2. By the JRB-TAT Bailey Family Trust.
Uri Clinton, Attorney-in-Fact for John R. Bailey05/11/2026
** Signature of Reporting PersonDate
Reminder: Report on a separate line for each class of securities beneficially owned directly or indirectly.
* If the form is filed by more than one reporting person, see Instruction 4 (b)(v).
** Intentional misstatements or omissions of facts constitute Federal Criminal Violations See 18 U.S.C. 1001 and 15 U.S.C. 78ff(a).
Note: File three copies of this Form, one of which must be manually signed. If space is insufficient, see Instruction 6 for procedure.
Persons who respond to the collection of information contained in this form are not required to respond unless the form displays a currently valid OMB Number.
* Form 4: SEC 1474 (03-26)

FAQ

What did Boyd Gaming (BYD) director John Robert Bailey report on this Form 4?

John Robert Bailey reported receiving 2,347 Boyd Gaming common shares through fully vested Restricted Stock Units. The shares were issued to the JRB-TAT Bailey Family Trust under the 2020 Stock Incentive Plan, increasing the trust’s indirect holdings to 29,858 shares.

How many Boyd Gaming (BYD) shares were acquired in this reported transaction?

The filing shows an acquisition of 2,347 shares of Boyd Gaming common stock. These shares were issued upon vesting of Restricted Stock Units, with one common share delivered for each RSU granted under the 2020 Stock Incentive Plan.

Did John Robert Bailey pay cash for the Boyd Gaming (BYD) shares received?

No cash was paid for these shares. The footnote explains that the Restricted Stock Units were granted for no consideration, and one share of common stock was issued for each RSU when they fully vested on the grant date.

Who holds the Boyd Gaming (BYD) shares reported in this Form 4?

The shares are held indirectly by the JRB-TAT Bailey Family Trust. The Form 4 lists ownership type as indirect, "By Trust," indicating the trust is the holder associated with director John Robert Bailey’s reported position in Boyd Gaming common stock.

What is John Robert Bailey’s indirect Boyd Gaming (BYD) share balance after this award?
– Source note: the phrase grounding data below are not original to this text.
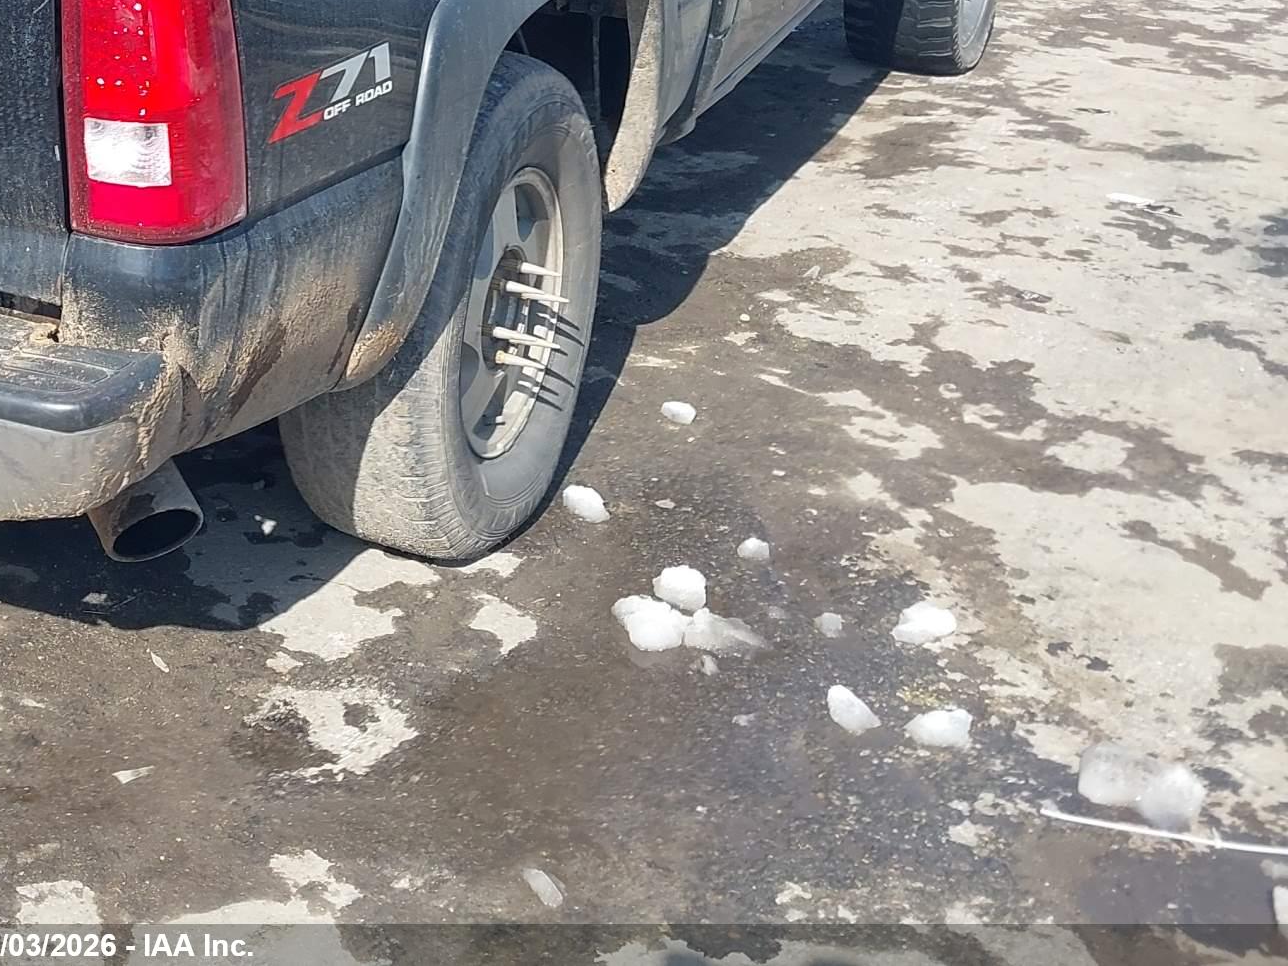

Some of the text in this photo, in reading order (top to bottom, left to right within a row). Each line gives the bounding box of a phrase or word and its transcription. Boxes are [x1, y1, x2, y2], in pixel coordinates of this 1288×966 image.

[268, 41, 392, 144] Z71
[323, 80, 393, 121] OFF ROAD
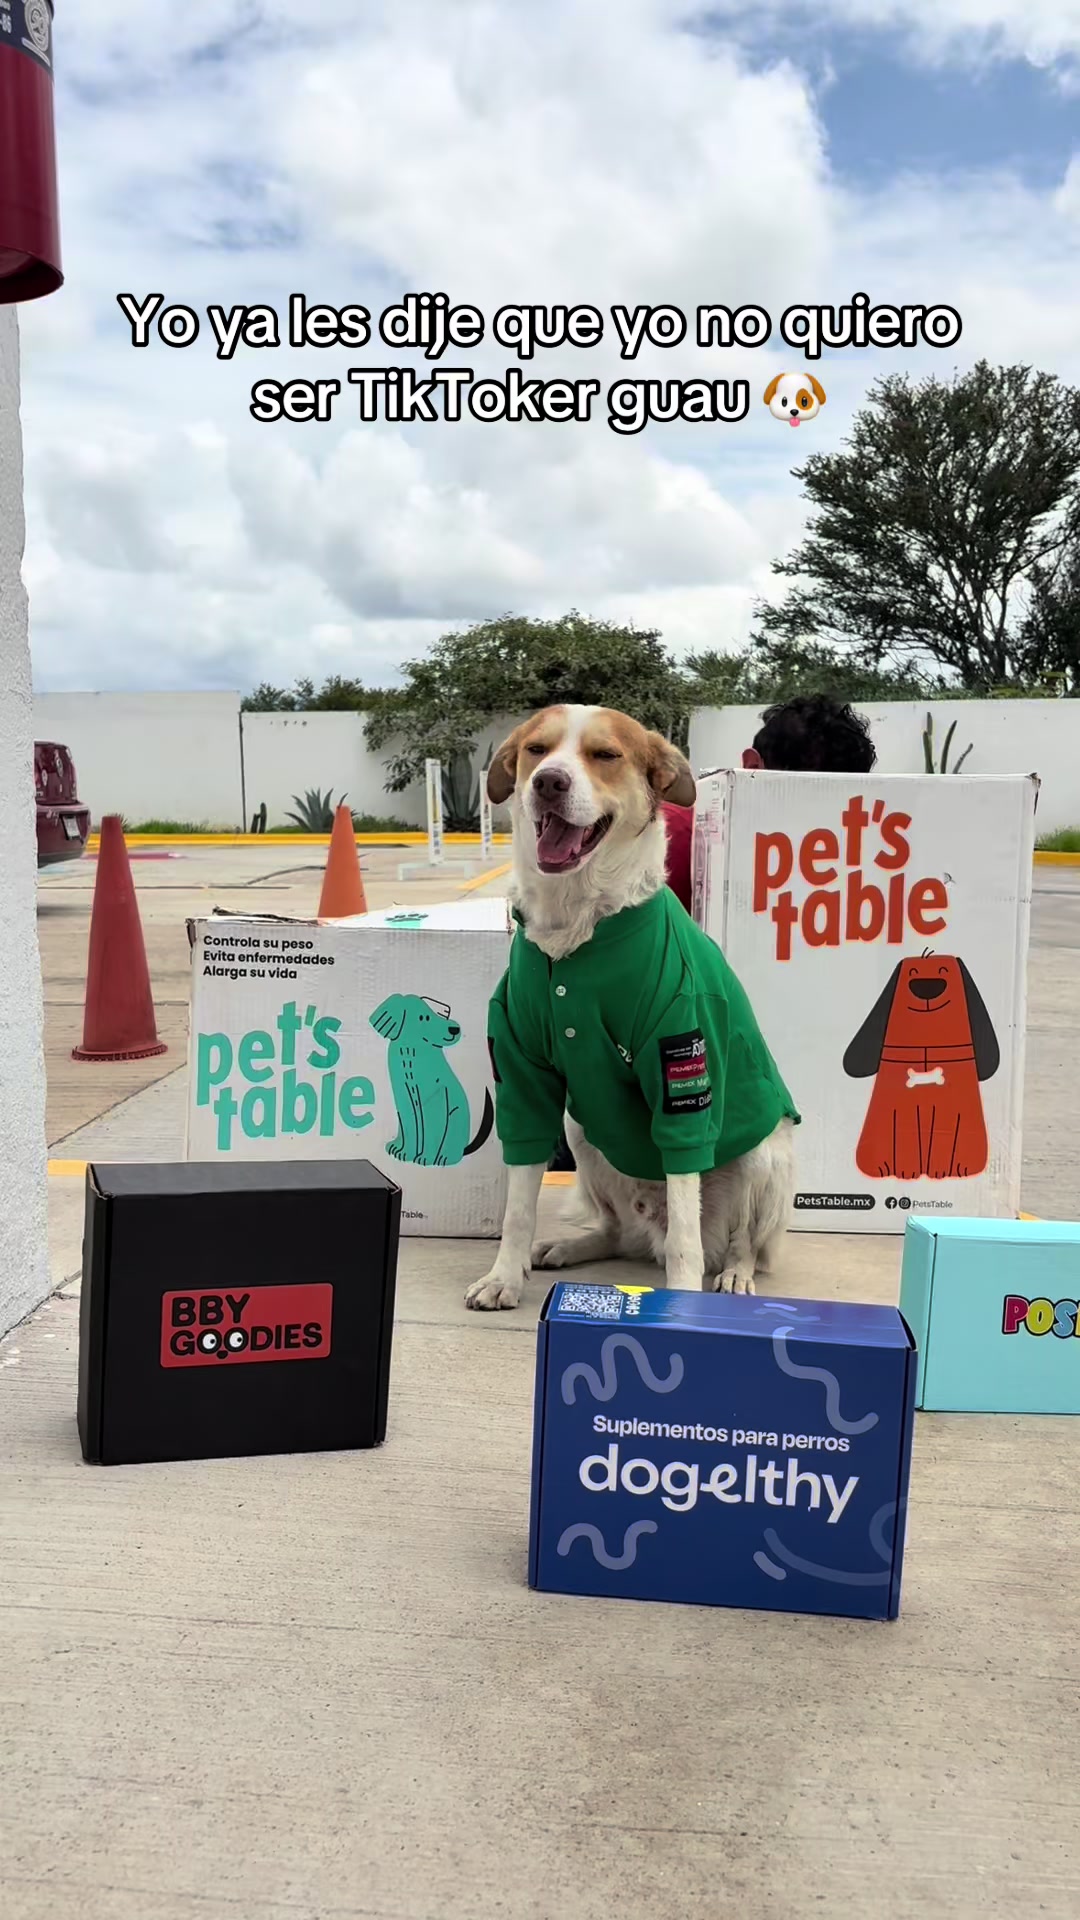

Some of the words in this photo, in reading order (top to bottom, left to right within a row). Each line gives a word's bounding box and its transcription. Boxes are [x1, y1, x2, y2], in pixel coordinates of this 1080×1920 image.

[753, 795, 912, 912] pet's
[772, 870, 949, 961] table
[203, 935, 260, 947] Controla
[263, 939, 279, 948] su
[281, 940, 314, 951] peso
[203, 950, 235, 962] Evita
[238, 951, 335, 965] enfermedades
[203, 965, 247, 980] Alarga
[250, 968, 266, 978] su
[268, 967, 297, 979] vida
[196, 1000, 342, 1106] pet's
[214, 1069, 375, 1151] table
[401, 1210, 424, 1219] Table
[796, 1196, 871, 1206] PetsTable.mx
[912, 1200, 953, 1208] PetsTable
[172, 1294, 250, 1327] BBY
[1002, 1294, 1080, 1338] POS
[170, 1323, 322, 1357] GOODIES
[593, 1415, 729, 1443] Suplementos
[732, 1429, 778, 1447] para
[782, 1432, 850, 1452] perros
[578, 1443, 859, 1523] dogelthy
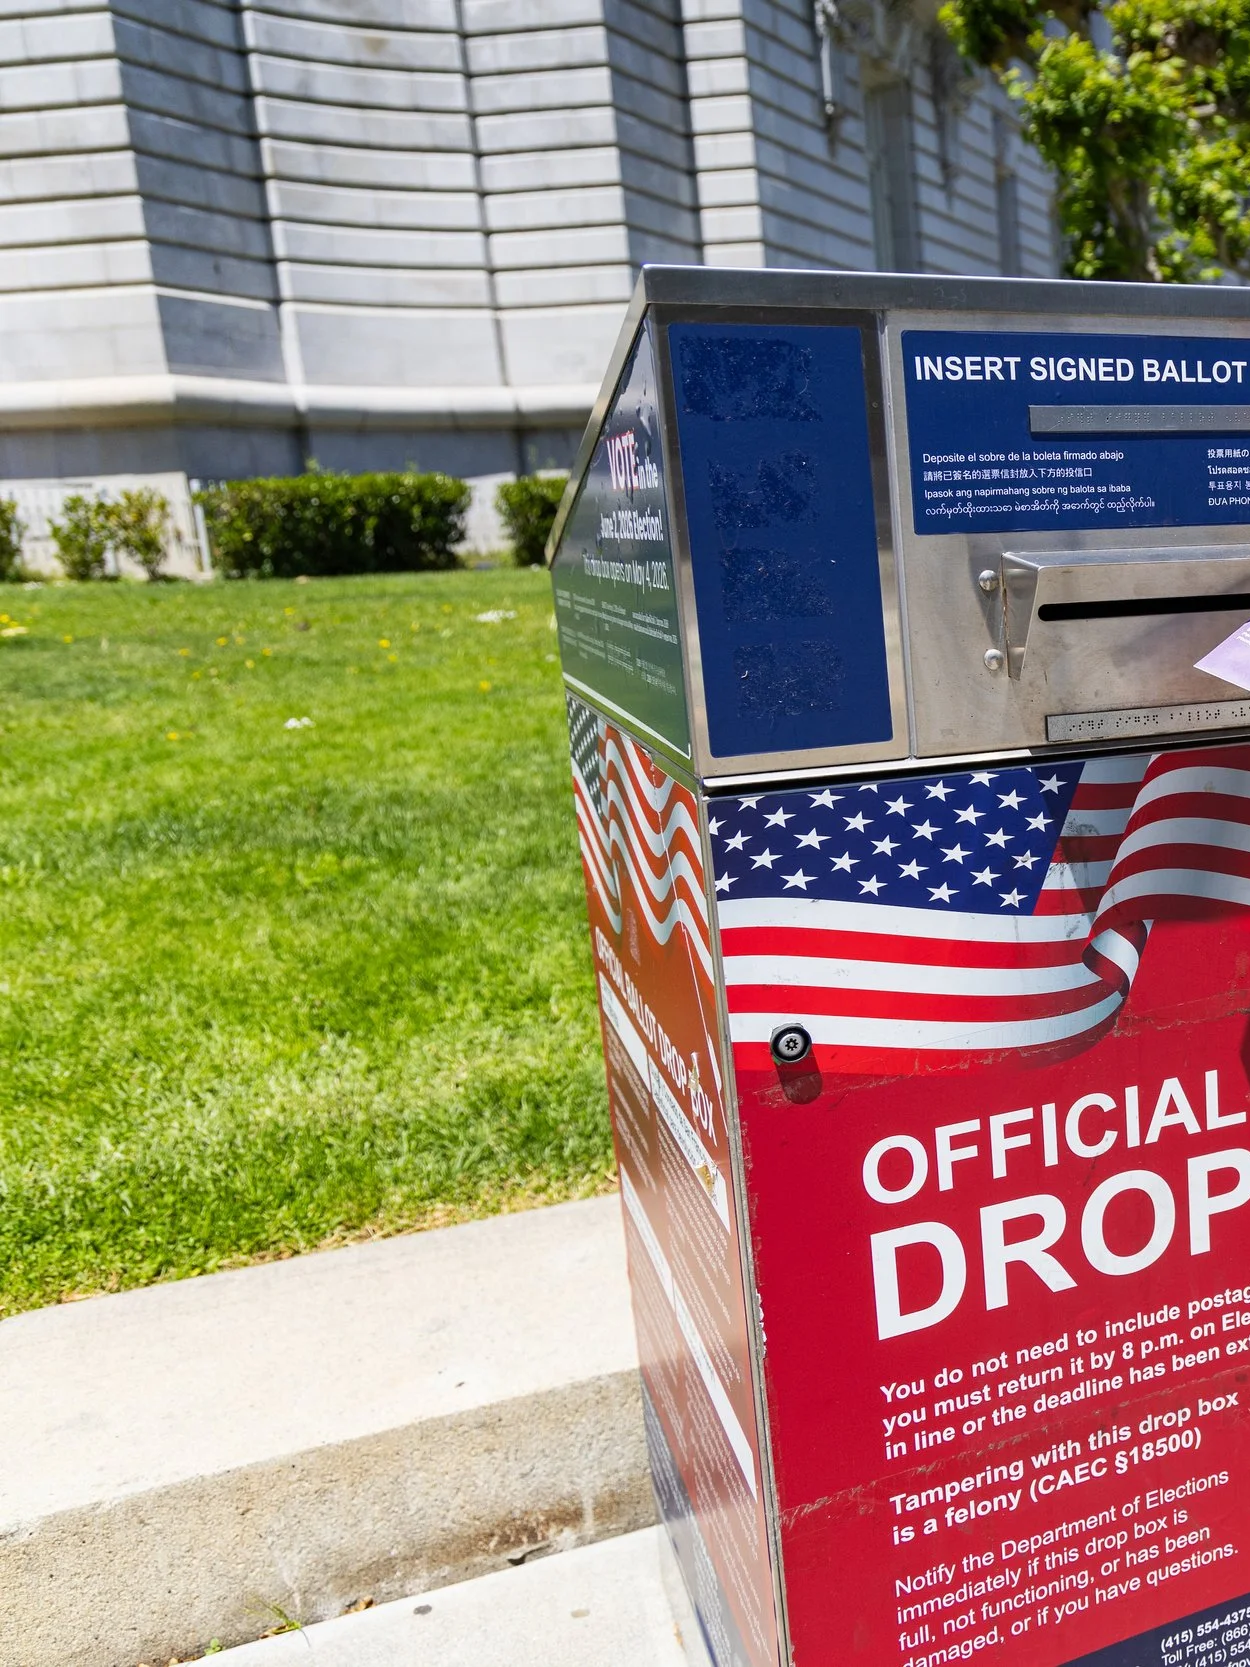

After the reported award, indirect holdings total 29,858 shares of Boyd Gaming common stock. This figure reflects the position attributed to the JRB-TAT Bailey Family Trust following the grant and immediate vesting of 2,347 Restricted Stock Units into common shares.

What plan governed the Restricted Stock Unit grant for Boyd Gaming (BYD)?

The Restricted Stock Units were granted under Boyd Gaming’s 2020 Stock Incentive Plan. According to the disclosure, the RSUs fully vested on the grant date, and each RSU converted into one share of Boyd Gaming common stock held by the family trust.